A sizeable number of children interviewed had finished
school and were in great demand among clients fearful of contracting hiv and sexually transmitted diseases and believed child sex to be a safer option. Researchers of the the Women’s Empowerment and Human Resource Development Centre of India (whi), a Thiruvananthapuram -based voluntary organisation entrusted by the government to conduct the study, interviewed 300 children in the three cities. The results were startling.

Poverty, broken families or sexually abusive relatives, co-workers or bosses were found to be the chief factors driving these children into the sex trade. Like 14-year-old Mohini, whose father is an employee of the Thiruvananthapuram Corporation, and her mother a housemaid. With her father preferring to spend time away from home and in the company of other women, Mohini took to hawking her body to tourists on Kovalam beach to bring in the extra cash. Regrets she may have, but she’s never looked back since. Mohini belongs to the ranks of street children who ply their trade openly. They are but a small section on the lower end of the sex trade.
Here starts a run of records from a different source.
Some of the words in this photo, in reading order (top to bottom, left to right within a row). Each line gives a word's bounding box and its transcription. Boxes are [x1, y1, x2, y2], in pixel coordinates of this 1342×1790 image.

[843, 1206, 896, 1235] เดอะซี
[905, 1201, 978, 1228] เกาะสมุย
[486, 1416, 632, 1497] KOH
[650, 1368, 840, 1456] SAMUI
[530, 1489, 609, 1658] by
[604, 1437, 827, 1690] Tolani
More clandestine are the girls who meet clients in their homes or in pre-arranged safe houses, away from the sight of the authorities. Child prostitutes making house calls are
less prone to fall victim to violence from clients wary of drawing the attention of neighbours. These girls are not driven by poverty but by the lust for glitter. Most of their money is spent on cosmetics,
clothes and exotic food. Often, they do it just to get even with overstrict parents. The situation is worse in Kozhikode, where children accompany clients on extended journeys. Pleasant and
unpleasant experiences await them on these trips. The
kids are usually swamped with gifts and cash. But sometimes the ride gets rough and they end up gangraped as well as short-changed. Boys, though, are less vulnerable to client abuse. In Kochi and Kozhikode, young boys are in demand from the homosexual community as well as lonely nri wives. This is a closed trade, yet anybody you meet on the street could prove to be a ‘link’: autorickshaw drivers, lottery ticket-sellers, std booth operators,
stationery shop employees, fruit vendors or bus conductors. The client profile covers the broad social spectrum: businessmen, government officials, bank employees, politicians, policemen, college students, even pensioners. Predictably, the study stays clear of elaborating on the social profile of the clients.
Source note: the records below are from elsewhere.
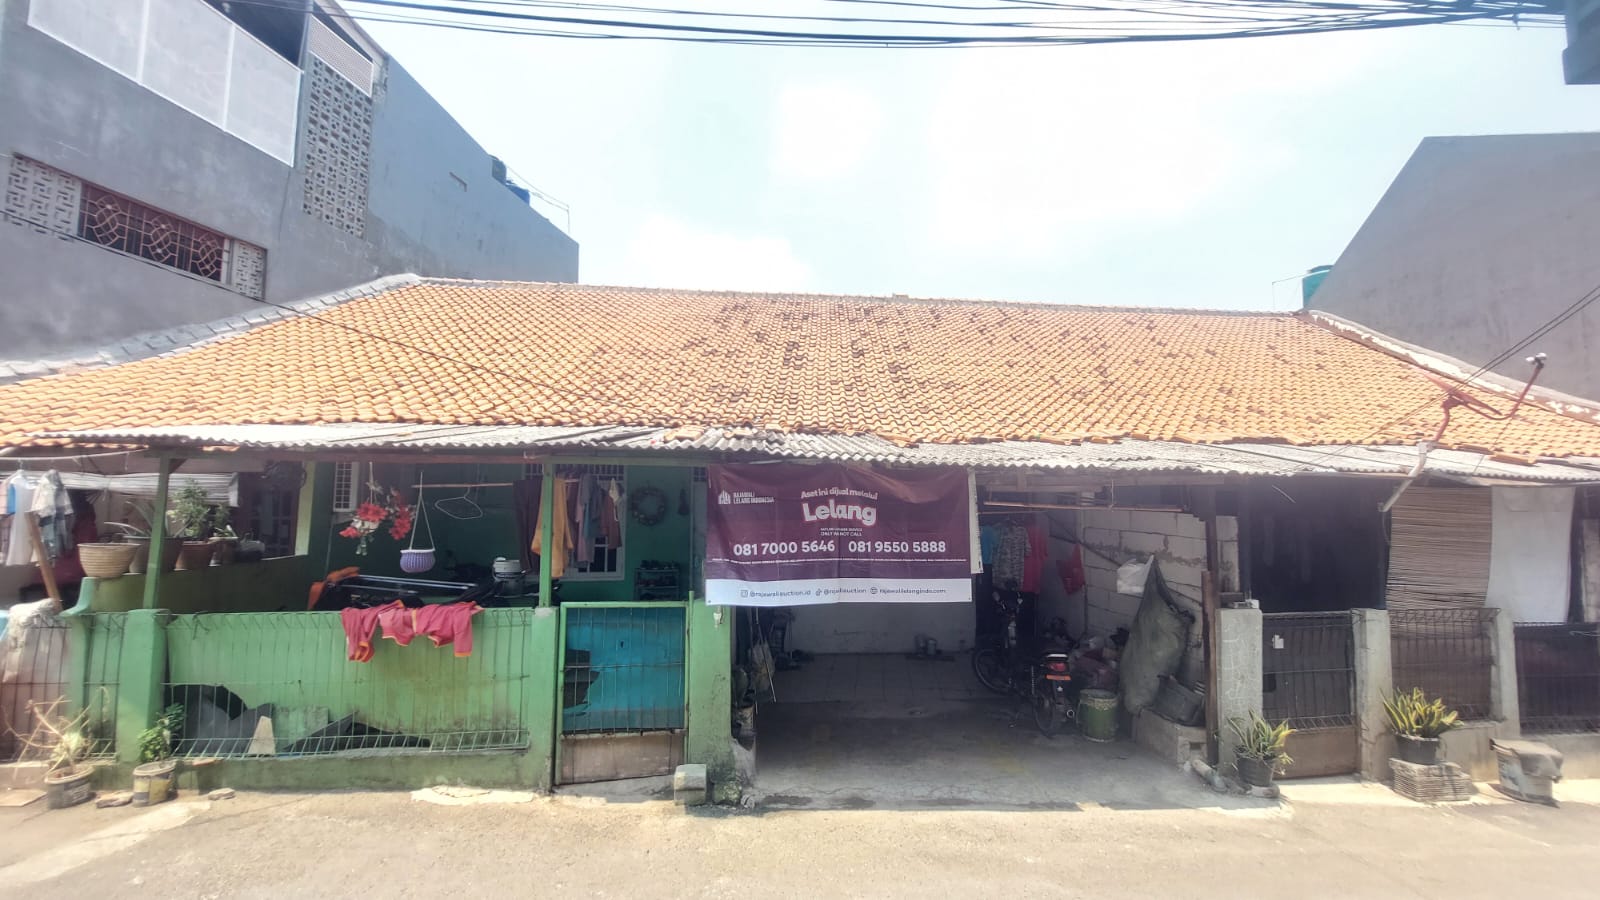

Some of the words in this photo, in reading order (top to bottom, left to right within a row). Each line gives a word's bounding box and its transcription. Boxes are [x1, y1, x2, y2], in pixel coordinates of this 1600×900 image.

[801, 490, 818, 499] Aset
[818, 488, 828, 496] ini
[829, 486, 848, 496] dijual
[849, 488, 878, 500] melalui
[802, 499, 876, 526] Lelang
[734, 544, 758, 556] 081
[761, 542, 798, 555] 7000
[801, 540, 835, 552] 5646
[848, 541, 871, 552] 081
[874, 541, 909, 552] 9550
[912, 541, 946, 552] 5888
"This exploitation of children is shameful in a state such as Kerala which boasts 100 per cent literacy, political awareness and steps taken to empower women,"
fumes Sugathakumari, chairperson of the State Women’s
Commission. "What are the police doing about it?"

Precisely nothing. For them, the problem does not exist. Observes Arun Kumar Sinha, Commissioner of Police, Thiruvananthapuram: "It is only a rumour. We have not received any petition regarding child prostitution." Sinha admits that 17 children from Karnataka were used for prostitution in the Kovalam beach resort, but they were rounded up and sent back. There have been no cases since, he contends. But dig Jacob Thomas, former director of the Women’s Commission and chief consultant to the project, recognises that the police have a habit of not acknowledging a social evil. "It’s not a priority," he says. "vip security is their priority." As police commissioner in Kochi, Thomas had in fact issued identity cards to social workers involved in rehabilitating child prostitutes. The ID cards were meant to save them from police harassment. Dr K.G. Vijayalekshmi, project director, plans to
extend the study to the rural areas where the girl
children mostly come from. She thinks the problem
cannot be tackled by directly hitting the powerful
commercial interests and the gangs that protect the
trade. She advocates awareness-building and gradual exposure as a means of exerting pressure on the clandestine racket. In the vicious cycle of demand and supply, the child prostitute must surely be the most debased product since the invention of commerce.